Gottes Stimme klingt dreifach

Wie kann ich herausfinden, was Gott für mich vorhat? Viele fragen mich das.

Gottes Stimme setzt sich aus verschiedenen Klängen zusammen: Dieser Gedanke des österreichischen Jesuiten P. Josef Maureder SJ hat mich gleich fasziniert – nicht nur, weil mich musikalische Bilder immer ansprechen, sondern vor allem weil ich sofort gedacht habe: Das stimmt, bei mir war es auch so.

Hier sind sie also, die drei Klänge. Du wirst sie hören können, wenn du dir immer wieder die entsprechende Fragen stellst und sie mit Gott ins Gespräch bringst. Er kennt dich besser als du selbst. Er ist größer als dein Herz, und er weiß alles (vgl. 1 Joh 3,20). Lass dir und lass ihm Zeit. Ich bete mit, versprochen!

1. DEINE NATUR: der tragende Klang der Stimme Gottes

  • Bist du auf dem Weg, dich selbst immer mehr kennenzulernen?
  • Kannst du dich annehmen, so wie du bist – mit dem, was du kannst, und auch mit dem, was du (noch) nicht kannst? Denn Gott überfordert dich nicht, sondern baut auf dem auf, was du mitbringst.

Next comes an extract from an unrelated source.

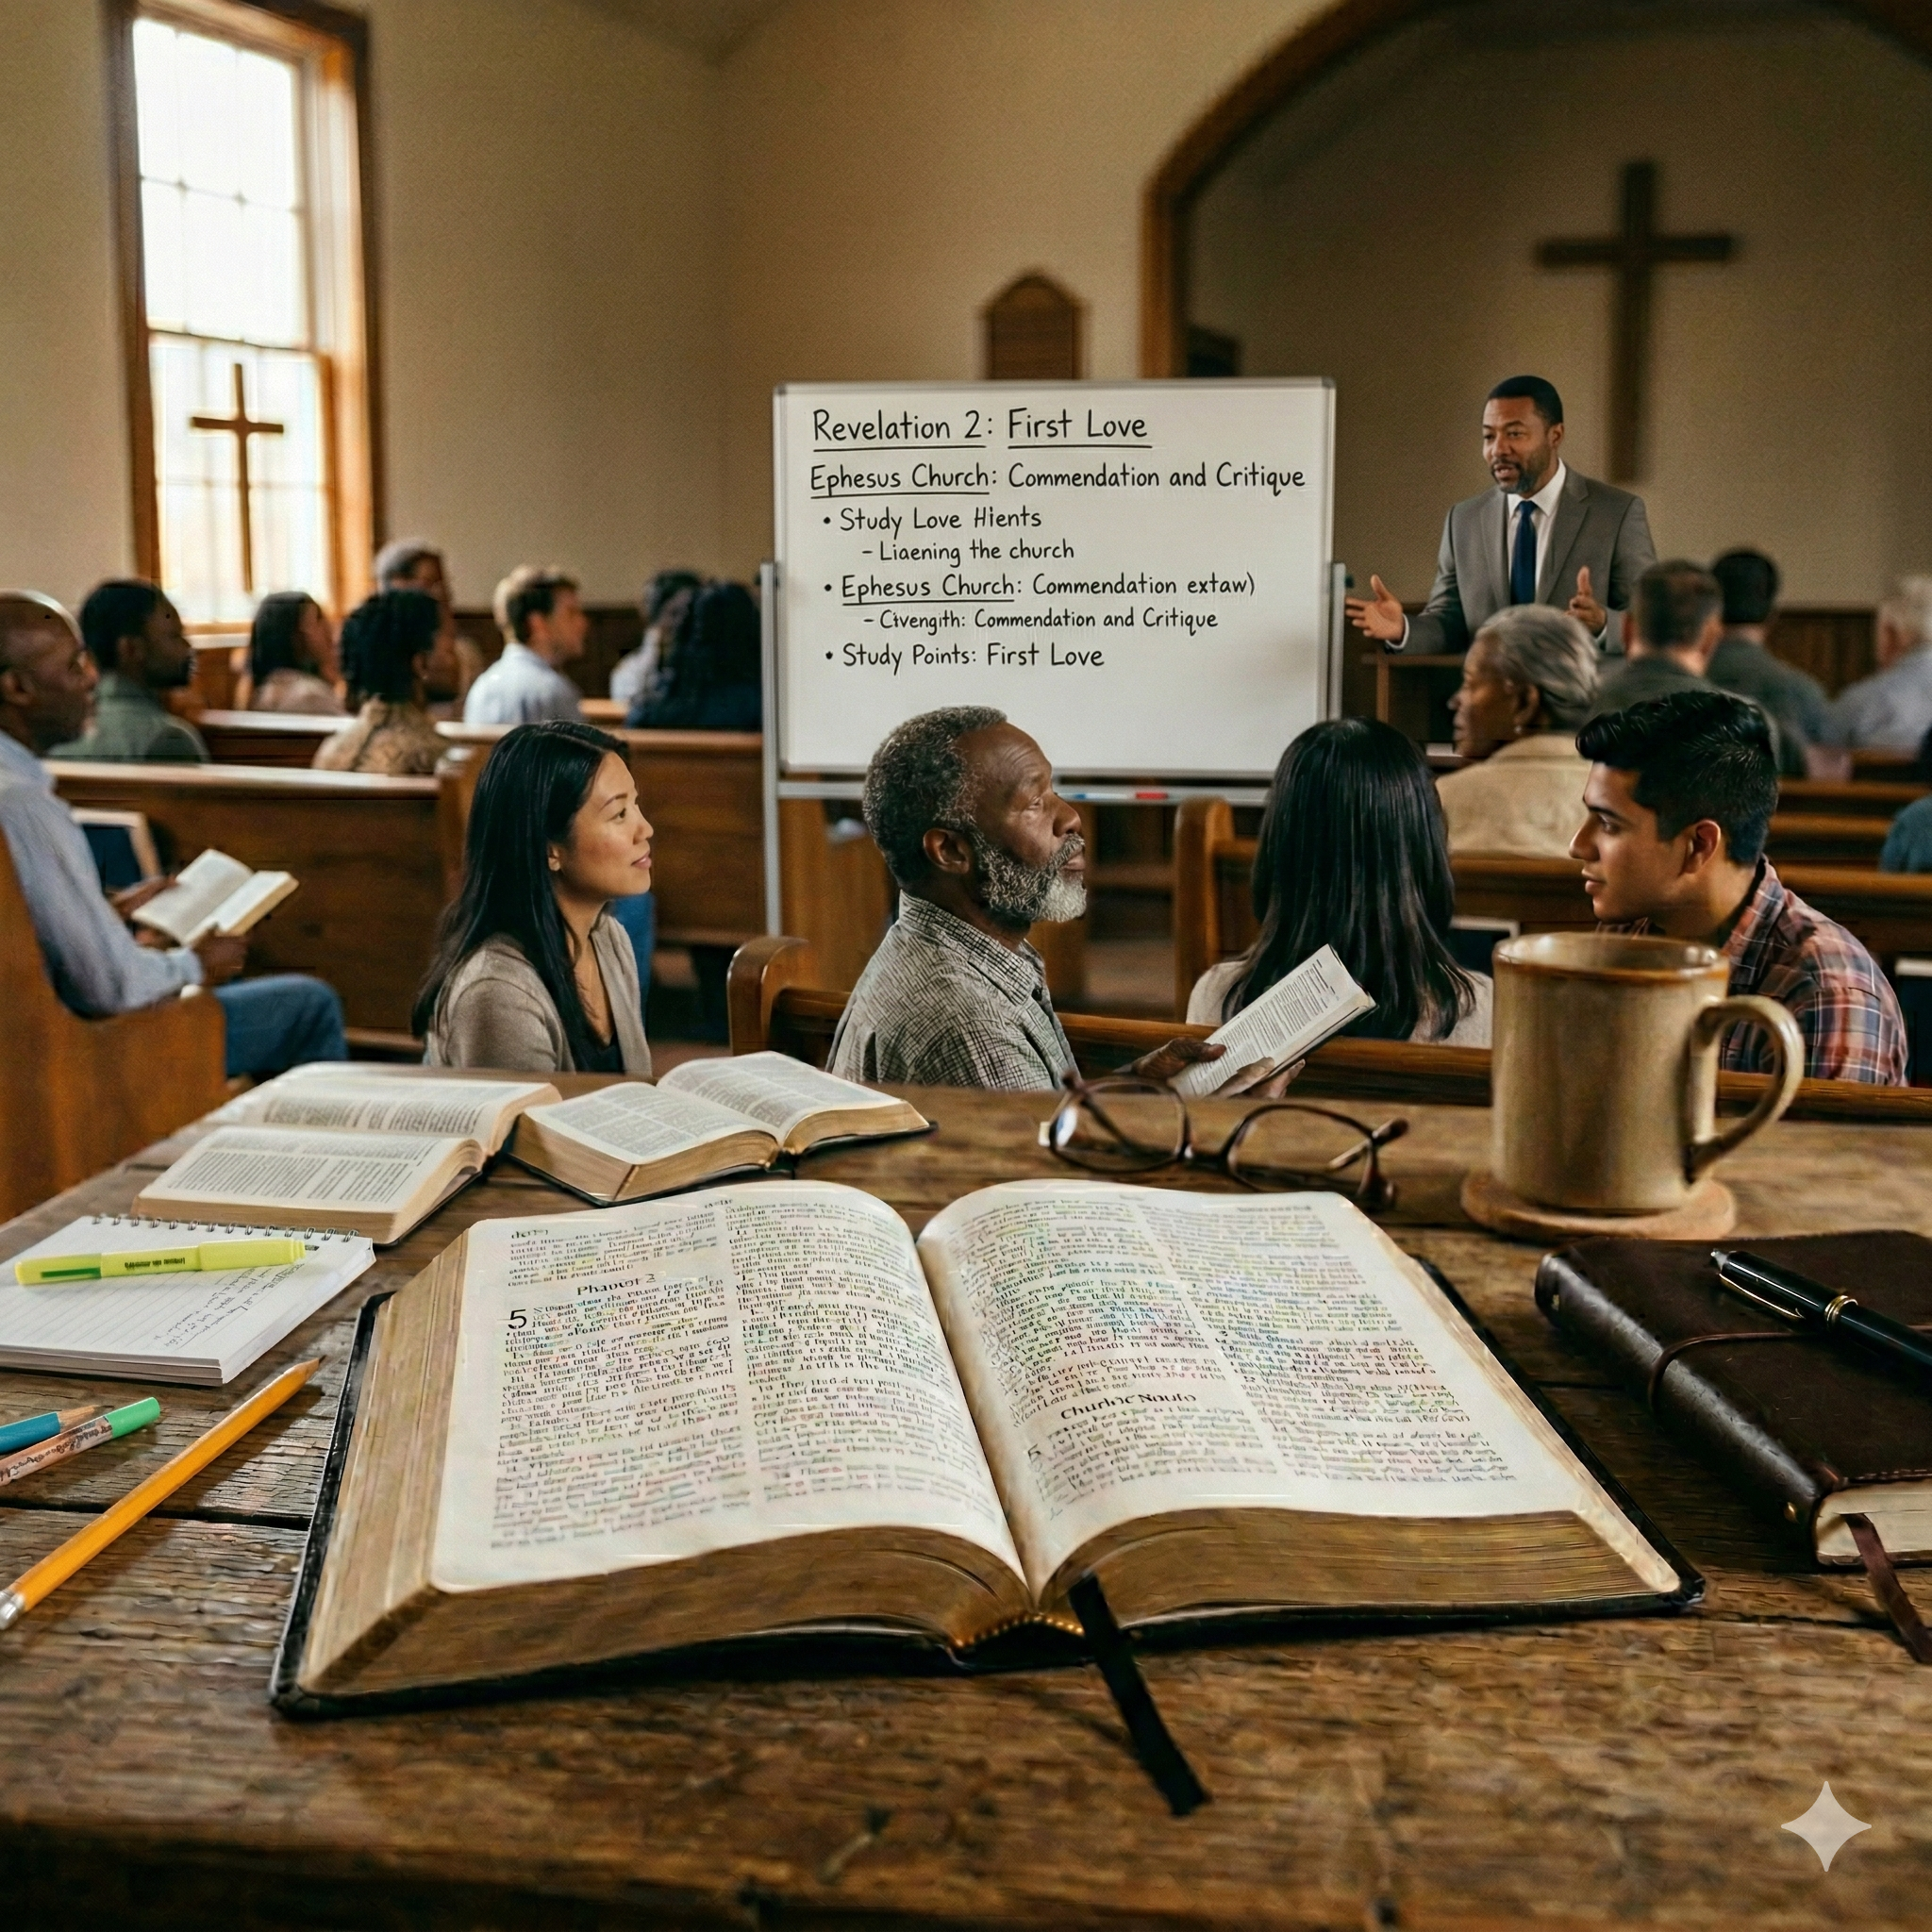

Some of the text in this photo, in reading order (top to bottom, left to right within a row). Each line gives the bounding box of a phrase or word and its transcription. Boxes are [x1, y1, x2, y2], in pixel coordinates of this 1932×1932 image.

„Ich bin gekommen, dass sie das Leben haben und es in Fülle haben.“ (Joh 10,10)

2. DEINE SEHNSUCHT: der drängende Klang der Stimme Gottes

  • Wohin zieht es dich im tiefsten?
  • Was möchtest du, dass andere einmal von dir sagen, wenn du gestorben bist?

„Was sucht ihr?“ (Joh 1,38) – „Was willst du, dass ich dir tun soll?“ (Mk 10,51).

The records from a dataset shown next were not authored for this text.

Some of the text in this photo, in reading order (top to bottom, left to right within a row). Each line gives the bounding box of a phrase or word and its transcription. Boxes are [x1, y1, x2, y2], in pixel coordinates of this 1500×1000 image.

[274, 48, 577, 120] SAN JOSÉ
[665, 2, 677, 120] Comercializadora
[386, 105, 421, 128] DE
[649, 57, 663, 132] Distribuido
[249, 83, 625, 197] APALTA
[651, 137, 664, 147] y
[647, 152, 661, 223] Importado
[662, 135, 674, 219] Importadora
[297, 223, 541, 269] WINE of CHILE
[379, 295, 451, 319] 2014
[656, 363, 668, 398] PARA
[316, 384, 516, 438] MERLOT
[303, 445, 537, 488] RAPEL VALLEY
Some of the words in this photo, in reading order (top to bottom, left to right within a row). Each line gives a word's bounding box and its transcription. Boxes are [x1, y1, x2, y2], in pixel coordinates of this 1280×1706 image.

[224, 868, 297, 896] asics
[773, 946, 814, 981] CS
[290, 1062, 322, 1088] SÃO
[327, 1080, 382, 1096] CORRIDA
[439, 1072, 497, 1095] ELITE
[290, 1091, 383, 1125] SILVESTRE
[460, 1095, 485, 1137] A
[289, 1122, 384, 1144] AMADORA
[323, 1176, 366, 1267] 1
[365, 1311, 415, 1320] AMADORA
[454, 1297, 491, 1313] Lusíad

3. DIE WIRKLICHKEIT: der anziehende und beunruhigende Klang der Stimme Gottes

  • Bist du sensibel für die Wirklichkeit um dich herum, durch die Gott zu dir redet?
  • Achtest du darauf, was für ein Echo das, das was dir Tag für Tag begegnet, in dir auslöst?
    o eine Erfahrung mit einem armen Menschen,
    o ein Ereignis, das dich aufwühlt,
    o ein Wort des Herrn in der Heiligen Schrift,
    o die Bemerkung eines Freundes oder einer Person, die dir wichtig ist,
    o eine Predigt, ein Wort der Kirche etc.

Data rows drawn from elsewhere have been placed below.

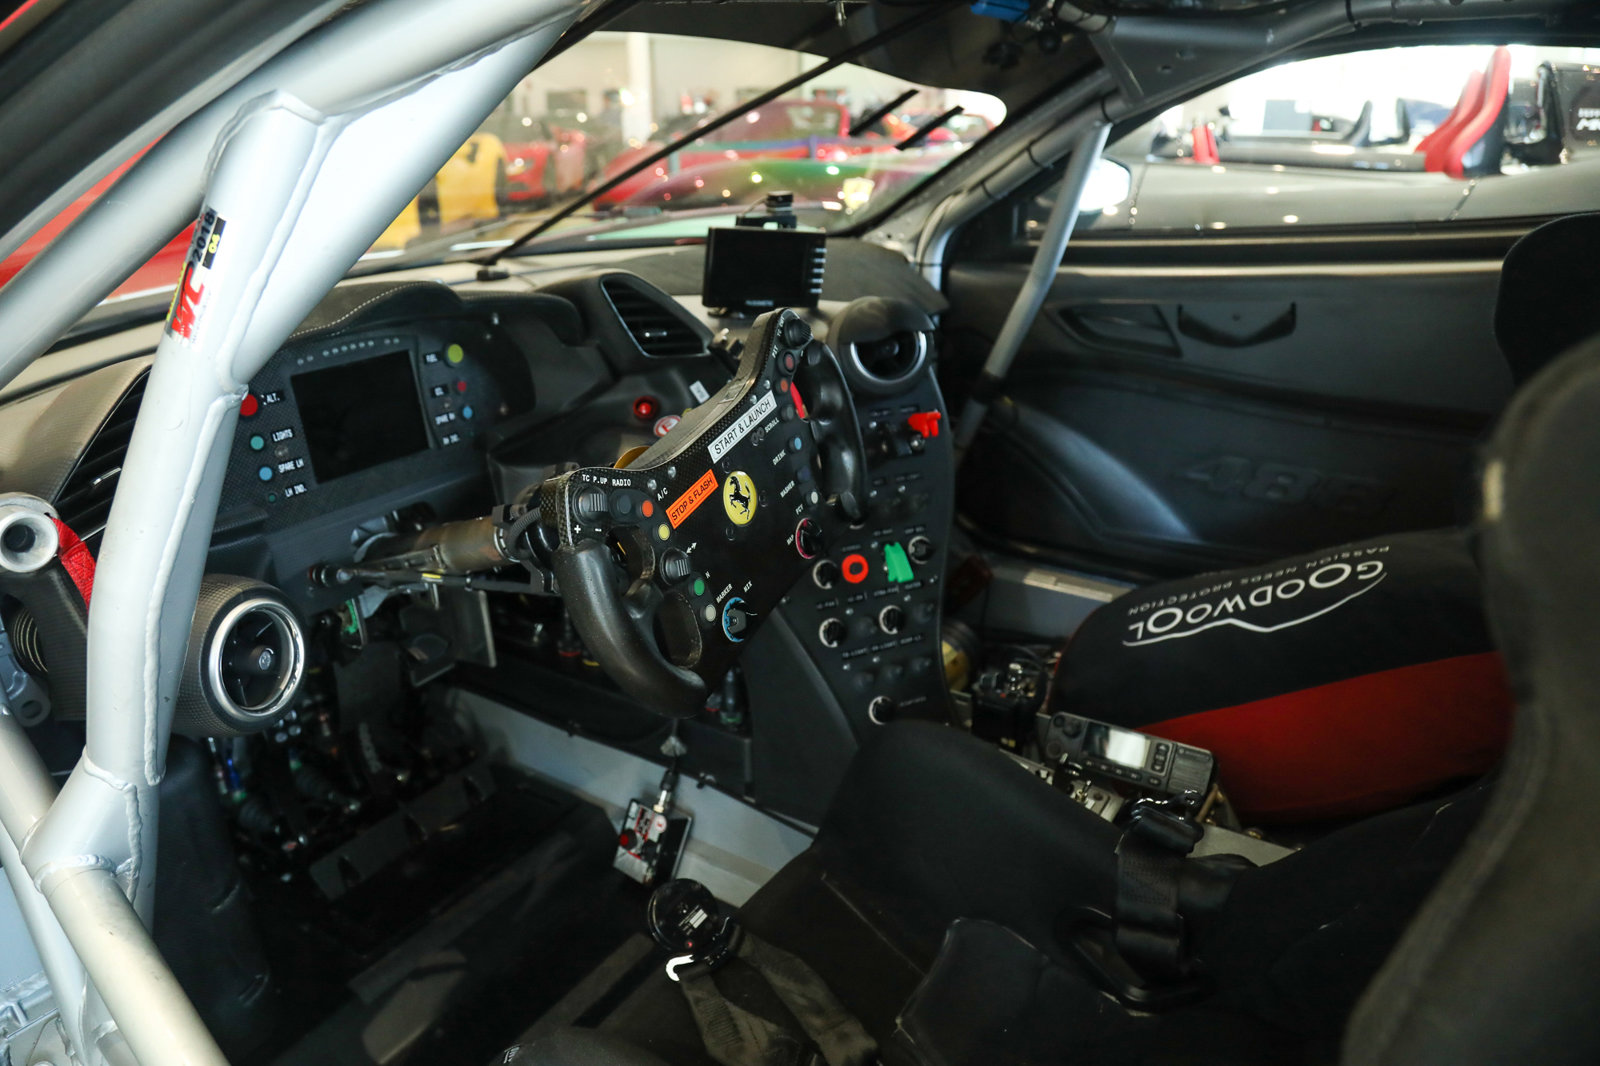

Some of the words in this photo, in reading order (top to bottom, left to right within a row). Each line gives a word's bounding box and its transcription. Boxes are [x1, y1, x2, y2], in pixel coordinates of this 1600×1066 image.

[191, 210, 216, 262] 2018
[771, 344, 780, 359] PIT
[713, 428, 738, 455] START
[738, 424, 746, 434] &
[745, 398, 772, 428] LAUNCH
[764, 417, 780, 433] SCROLL
[272, 428, 294, 442] LIGHTS
[772, 449, 788, 466] DRINK
[582, 474, 591, 483] TC
[611, 478, 632, 487] RADIO
[692, 477, 713, 500] FLASH
[780, 480, 796, 498] WASHER
[656, 487, 669, 501] A/C
[688, 495, 697, 505] &
[670, 501, 689, 521] STOP
[786, 533, 795, 546] MAP
[1305, 545, 1390, 569] PASSION
[1239, 565, 1298, 586] NEEDS
[715, 583, 733, 604] MARKER
[743, 580, 753, 593] MIX
[1127, 581, 1233, 616] PROTECTION
[1128, 560, 1385, 640] GOODWOOL

„Gott umarmt uns durch die Wirklichkeit.“ (Willi Lambert SJ)

Hier ein paar konkrete HILFEN ZUR ENTSCHEIDUNGSFINDUNG:

  • Lies täglich in der Bibel und frage dich, was das Wort mit deinem Leben zu tun hat.
  • Notiere in einem „Berufungstagebuch“ alle Ereignisse, die dich angesprochen haben.
  • Schau vor dem Schlafengehen auf den Tag zurück, z. B. mit dem „Gebet der liebenden Aufmerksamkeit“ (Ignatius von Loyola).
  • Führe regelmäßig ein ehrliches Gespräch mit einem, der im geistlichen Leben „einen Steinwurf weiter“ ist als du.